I am only a haaska user, not one of the developers. If you have any issues following any of the steps above, please take it up with the developers on Github, not here with me, as I can’t help you.
Yes, for anyone with questions or issues, please see the “Need help?” section I put here:
https://github.com/mike-grant/haaska/wiki#need-help
In other words – please either post in the Home Assistant Community, or in the GitHub issues. I will get notified in those two places, not here.
Thanks!
On step 4. For people who have port 443 blocked by ISP (like mine), just make sure on step 3.4 put your alternative port on config.json and can kee port 443 closed (unforwarded)
{
“url”: “https://.duckdns.org:8123/api”,
“bearer_token”: “”,
“debug”: true,
“ssl_verify”: true,
“ssl_client”: []
}
FYI if you try running the haaska make on a Mac with a Homebrewed Python and the make command fails, you may need to do this:
https://stackoverflow.com/a/24357384/38841
Thank you for this very detailed and in depth guide. With your instructions I was able to configure this first try. For other’s to note, there is now a prebuilt zip file, which you can unzip, update the config.json file, then rezip. This cuts out the messy make process and ensuring you have the right build environment.

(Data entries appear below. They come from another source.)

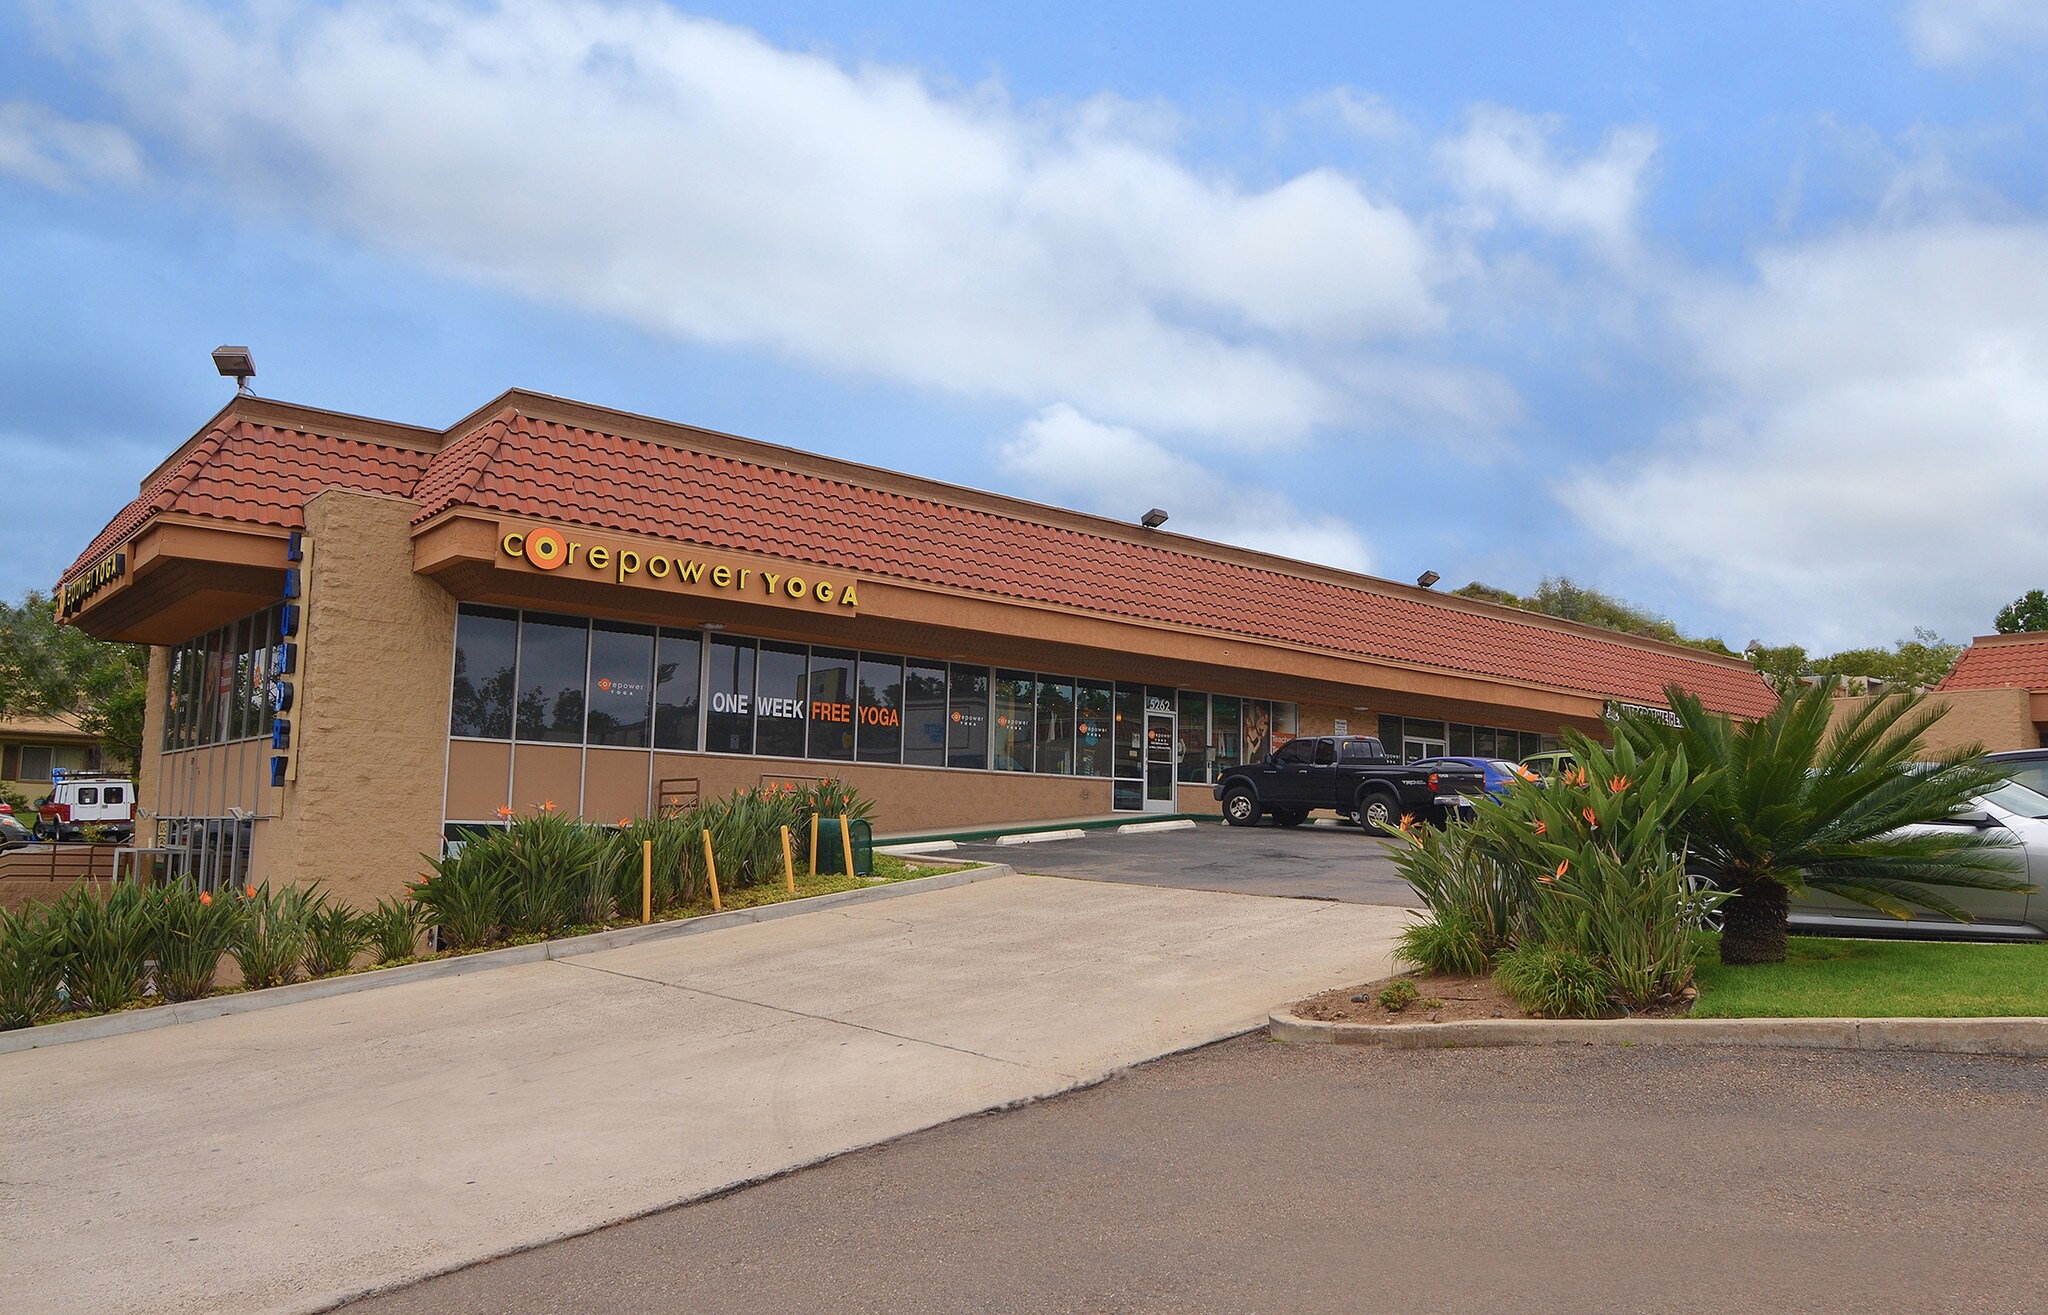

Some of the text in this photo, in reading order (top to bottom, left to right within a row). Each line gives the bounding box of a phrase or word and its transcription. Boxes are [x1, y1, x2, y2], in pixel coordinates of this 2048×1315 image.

[94, 553, 120, 586] YOGA
[502, 527, 859, 607] corepower YOGA
[270, 532, 303, 788] LAUNDRY
[597, 678, 644, 691] corepower
[712, 692, 899, 727] ONE WEEK FREE YOGA
[1150, 699, 1170, 711] 5262

More information can be found here: https://community.home-assistant.io/t/the-haaska-super-thread/76994/9
You will still need to follow the majority of the instructions here. This file is instead of steps 3.1-3.5
Thanks again!
As a hint to those migrating from the emulated_hue component.. you will probably need to delete all the old discovered devices in the Alexa platform. You ought to do this before you try to discover the devices via haaska so you don’t have to worry which are the bogus ones.
I’ve tried using “Forget all devices” on the alexa.amazon.com web site, but while that seems to make them disappear on the web page, they come back. Eventually, I deleted them one by one on that web page and then they seemed to really disappear. As I had over 100 of these things (with some duplicates thrown in for good measure), this took a little while.
Also, you might want to start off in Home Assistant excluding all the domains, and then including only the entities that you care about. Maybe you don’t want all your sensor entities to show up in there, or input_booleans, etc. It’s easier to add them in than having a zillion of them show up and then having to manually delete them from the Alexa platform.
In the IAM part where you say you must pick a location from the pulldown, it is greyed out and says IAM does not require region selection so when I get to the designer tab can’t find it so assume it’s because of this? When I am at the designer point it shows Ohio on the top bar but when you say it has to be set it’s as I mentioned.